Efforts to formalize the assessment of clinical signs in respiratory illness for estimation of disease severity have resulted in numerous clinical scores, for example, for croup,1 bronchiolitis and pneumonia,2 and for asthma.3,4 Clinical signs as the basis of these scores include tachypnea, visibly increased respiratory effort, for example, retractions and use of accessory muscles, reduced breath sound intensity (often referred to as “air entry”), wheezing, relative duration of expiration, cyanosis, and mental status.

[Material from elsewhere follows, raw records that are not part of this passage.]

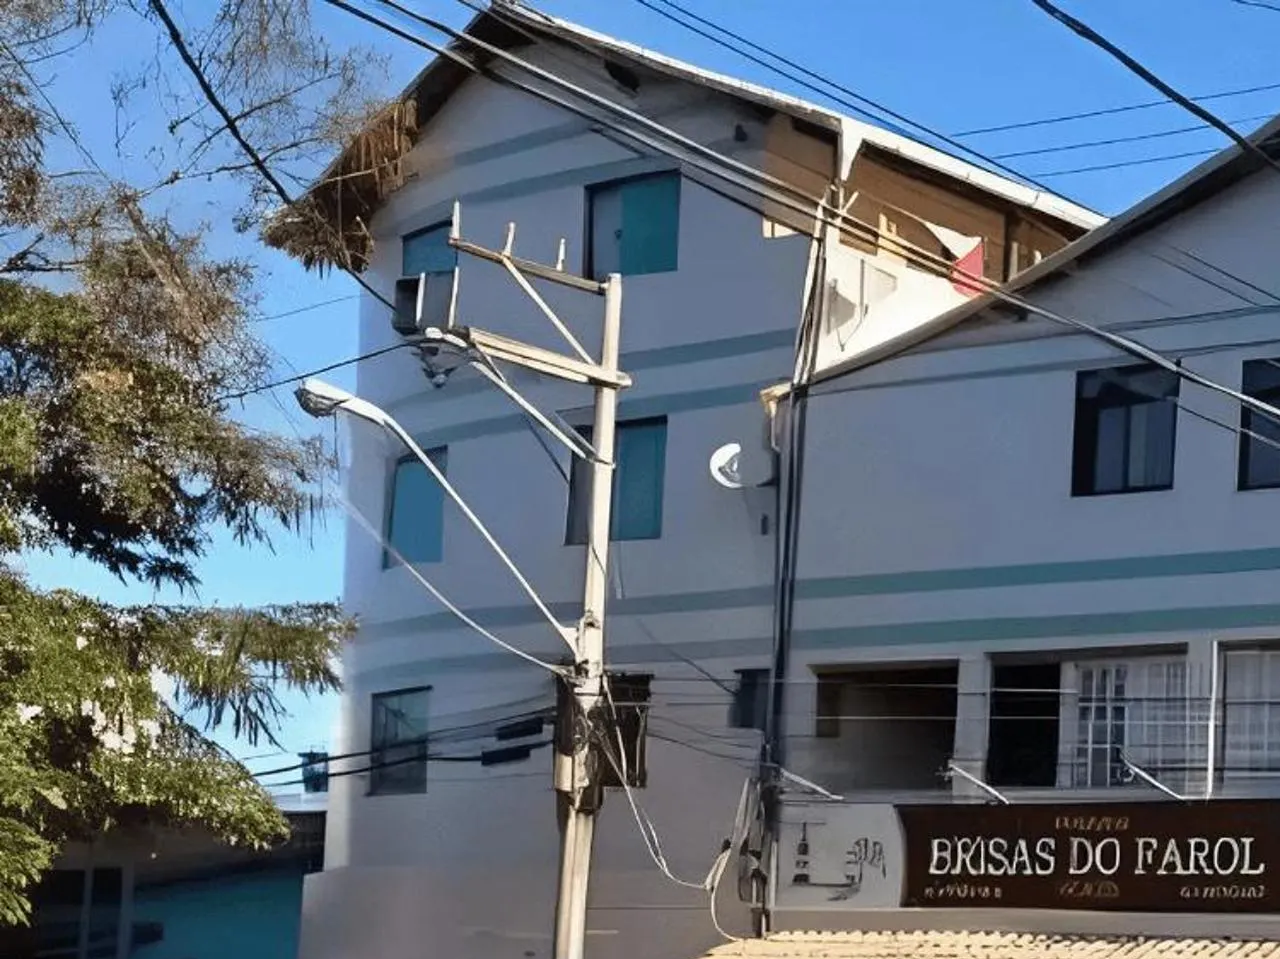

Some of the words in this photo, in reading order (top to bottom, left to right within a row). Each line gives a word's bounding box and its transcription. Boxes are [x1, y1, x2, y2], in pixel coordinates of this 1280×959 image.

[928, 837, 1056, 875] BRISAS
[1068, 837, 1121, 875] DO
[1134, 837, 1265, 875] FAROL
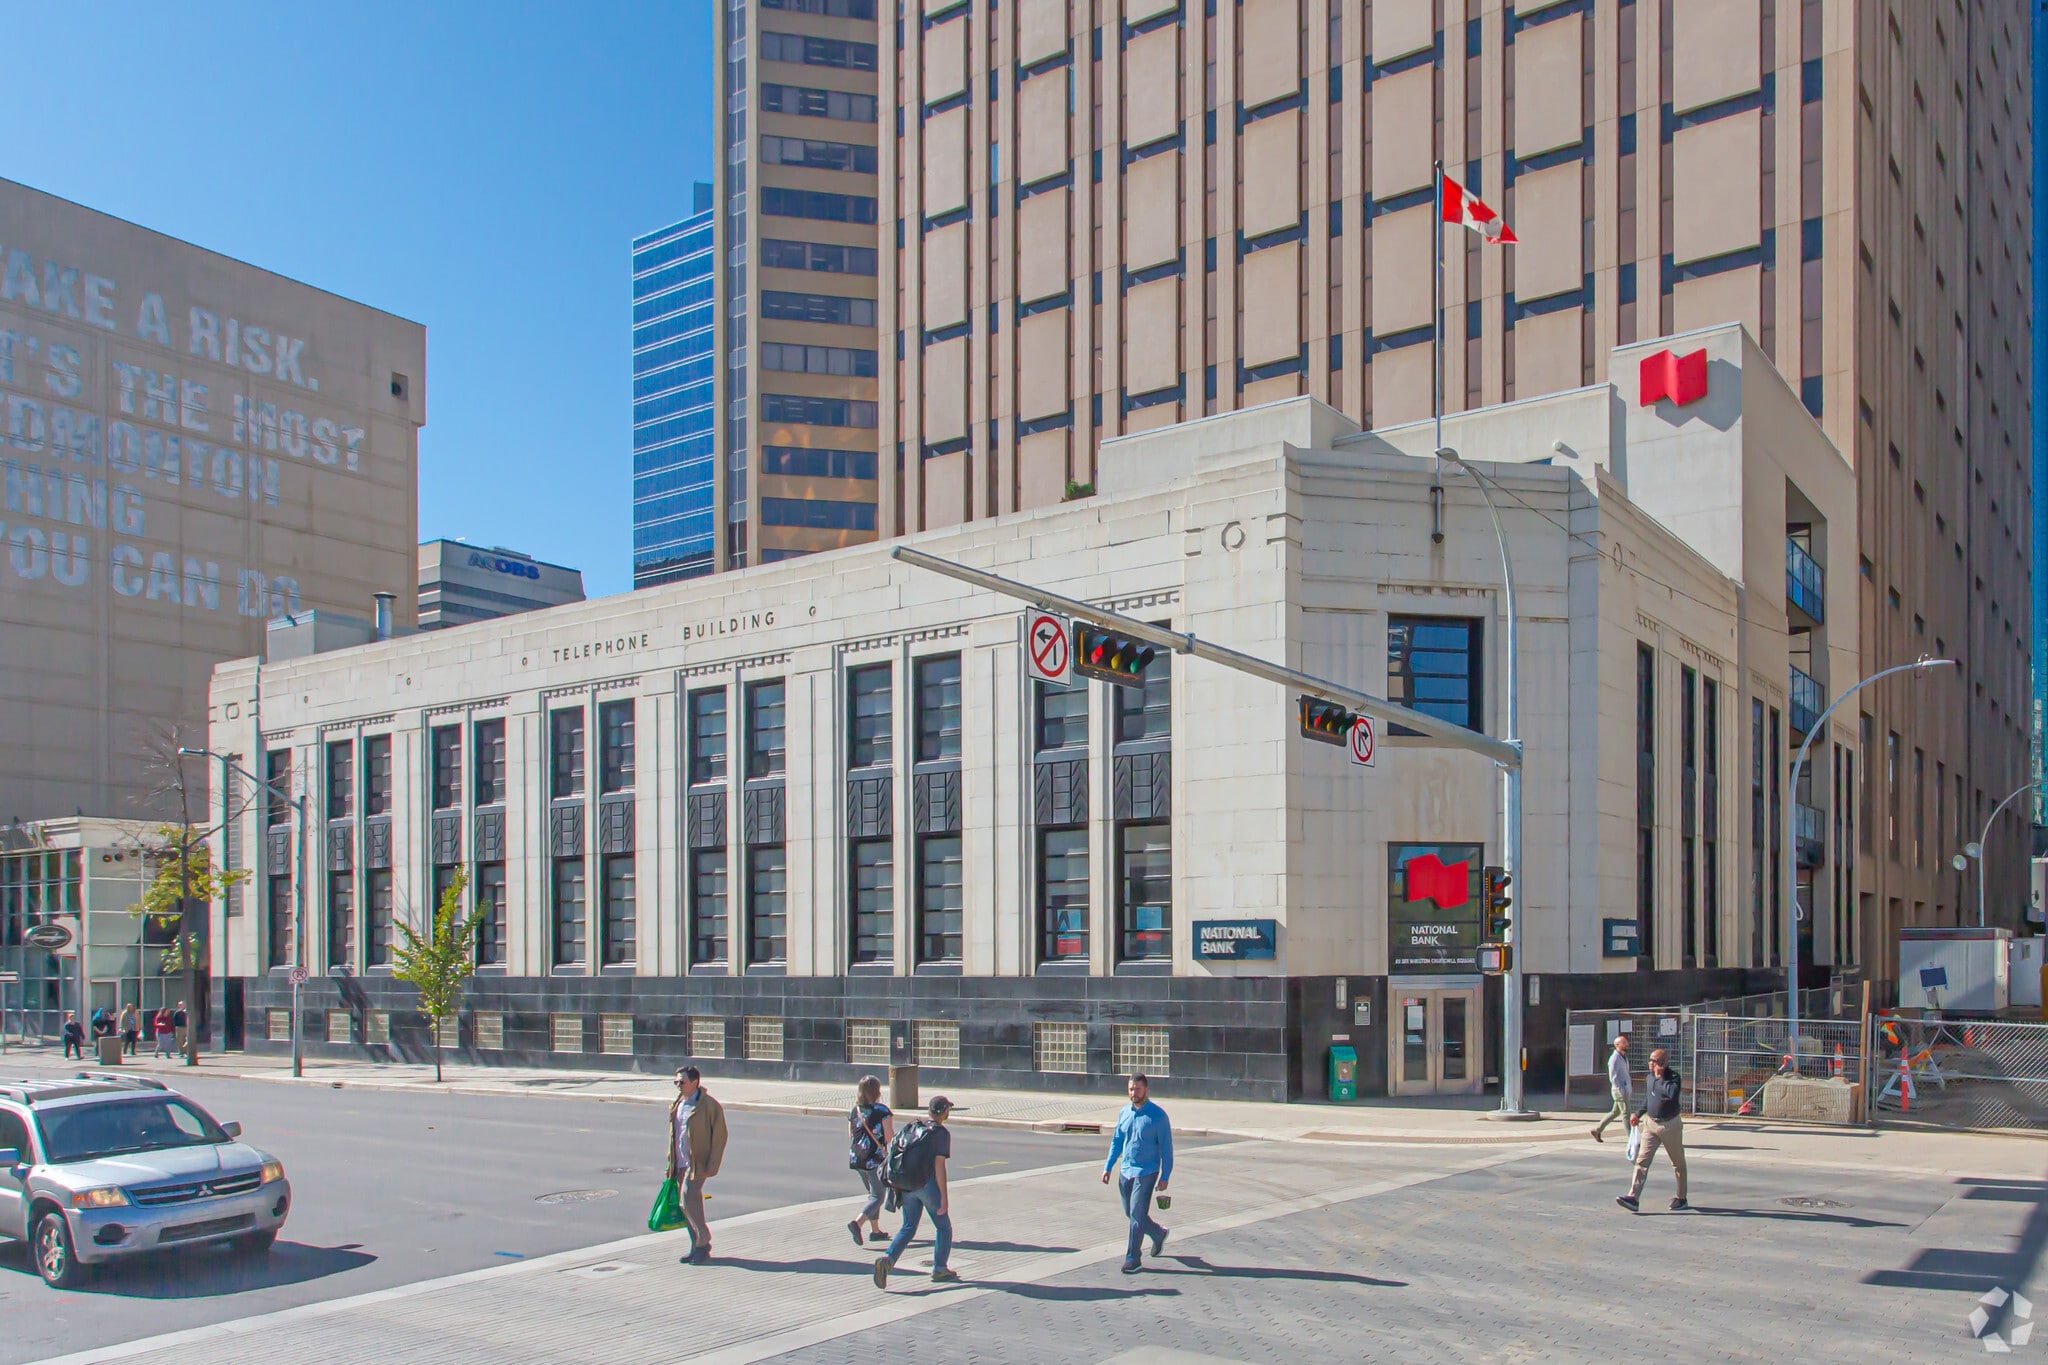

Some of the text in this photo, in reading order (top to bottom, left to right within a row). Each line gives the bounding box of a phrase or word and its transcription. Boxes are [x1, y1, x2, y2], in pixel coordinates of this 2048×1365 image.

[0, 244, 320, 391] AKE A RISK.
[112, 359, 210, 433] THE
[233, 393, 365, 472] MOST
[0, 391, 280, 508] DMONTON
[0, 456, 145, 537] HING
[111, 544, 220, 610] CAN
[237, 567, 301, 618] DO
[553, 611, 776, 663] TELEPHONE BUILDING
[1201, 926, 1261, 940] NATIONAL
[1201, 941, 1236, 954] BANK
[1411, 925, 1459, 935] NATIONAL
[1411, 936, 1439, 945] BANK
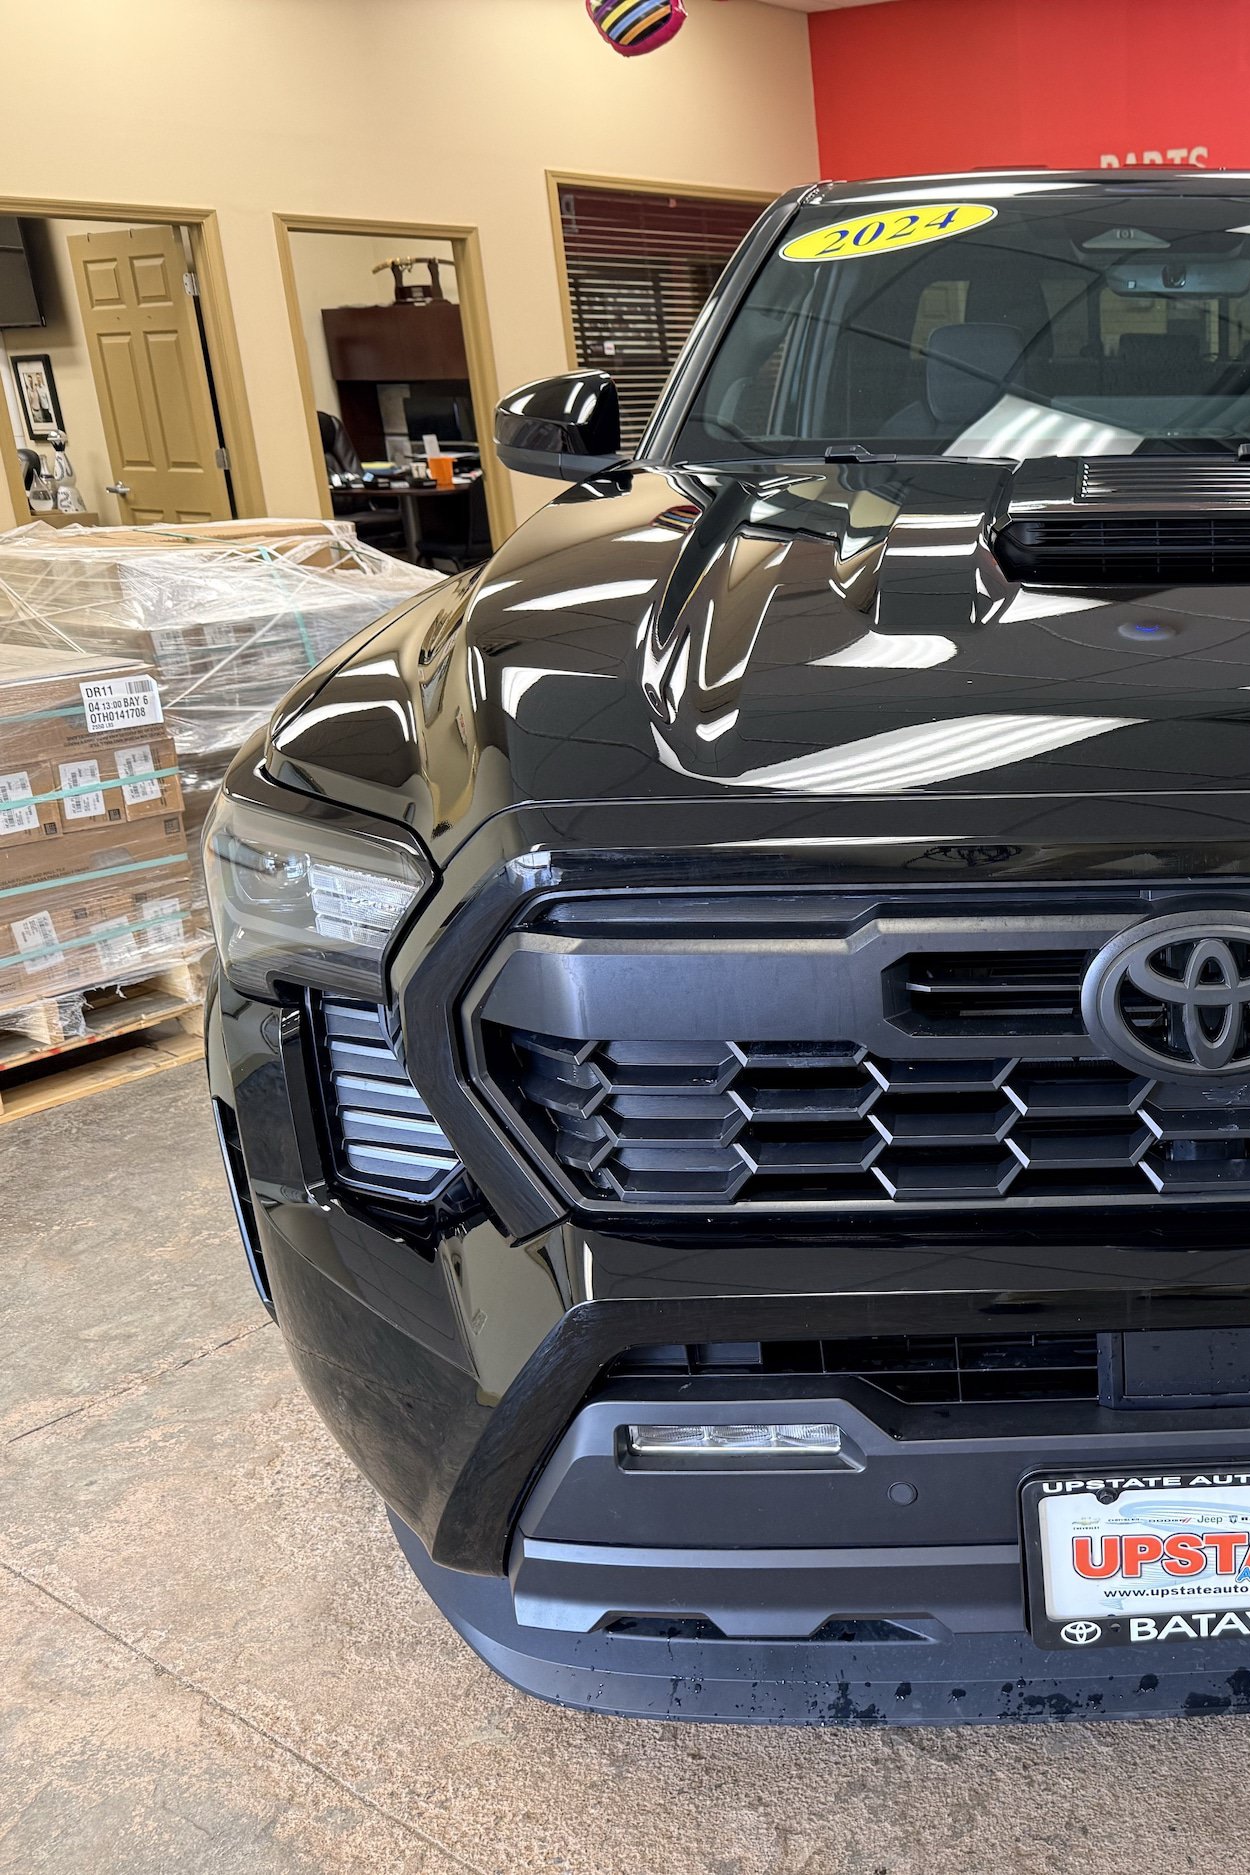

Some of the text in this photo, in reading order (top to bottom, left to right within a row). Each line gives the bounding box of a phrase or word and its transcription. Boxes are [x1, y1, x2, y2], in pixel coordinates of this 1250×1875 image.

[815, 207, 960, 256] 2024
[85, 685, 114, 698] DR11
[88, 695, 149, 713] 04 13:00 BAY 6
[1042, 1476, 1181, 1494] UPSTATE
[1196, 1514, 1223, 1525] Jeep
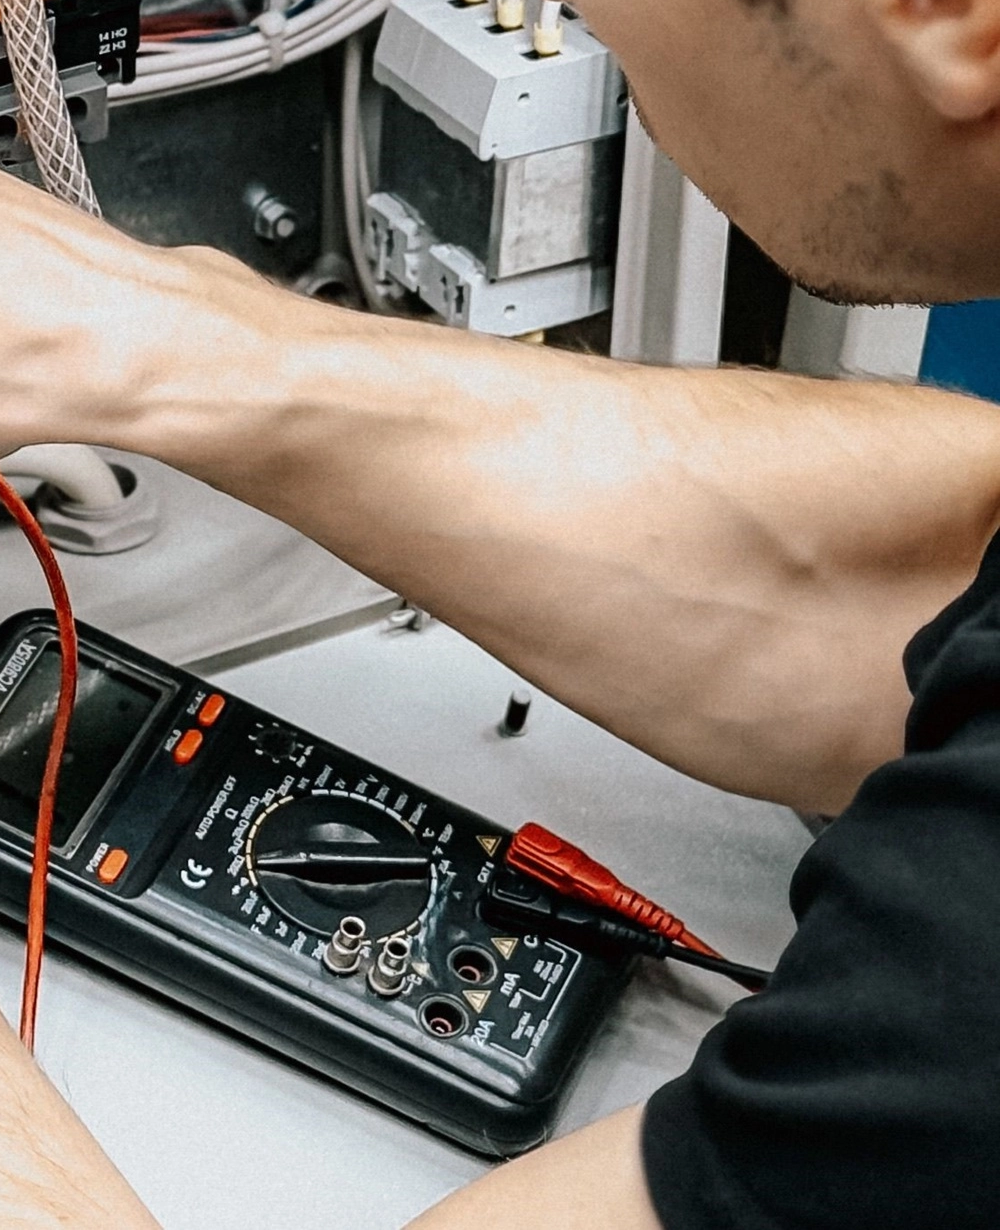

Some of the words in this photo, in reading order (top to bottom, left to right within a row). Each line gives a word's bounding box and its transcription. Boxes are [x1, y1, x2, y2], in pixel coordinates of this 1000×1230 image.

[164, 729, 182, 752] HOLD
[195, 817, 213, 840] AUTO
[207, 790, 229, 818] POWER
[223, 775, 236, 791] OFF
[86, 843, 109, 872] POWER
[181, 859, 213, 888] CE
[500, 973, 520, 996] mA
[467, 1020, 495, 1048] 20A

The number of breaths per minute is counted by observing chest and abdominal movements or by listening to breaths with a stethoscope. Respiratory rates established by auscultation may be slightly higher than those by observation, particularly when placement of the stethoscope on the chest stimulates the child. Children have higher respiratory rates during wakefulness than during sleep. The range of respiratory rates in a healthy child is wide but narrows when a higher breathing rate is maintained during respiratory illness. Breathing rates are related to age and weight, showing an exponential decrease with increasing age and body mass. Age specific normative data have been established for infants and toddlers5 and for older children6 (Fig. 505-1). Fever and respiratory disease can increase the respiratory rate. In young febrile children tachypnea, that is, a respiratory rate faster than normal, is an important predictive sign for pneumonia when the respiratory rate per minute exceeds 59 in those under 6 months of age, 52 between 6 and 11 months, and 42 between 1 and 2 years.7 Observer agreement on tachypnea is generally good.

Figure 505-1.
Graphic Jump Location

Normal range of respiratory rates during wakefulness.

(Data from Rusconi FM, Castagneto L, Gagliardi G, et al. 1994. Reference values for respiratory rate in the first 3 years of life. Pediatrics. 1994;94:350-355. Wallis LA, Healy M, Undy MB, Maconochie I. Age related reference ranges for respiration rate and heart rate from 4 to 16 years. Arch Dis Child. 2005;90:1117-1121.)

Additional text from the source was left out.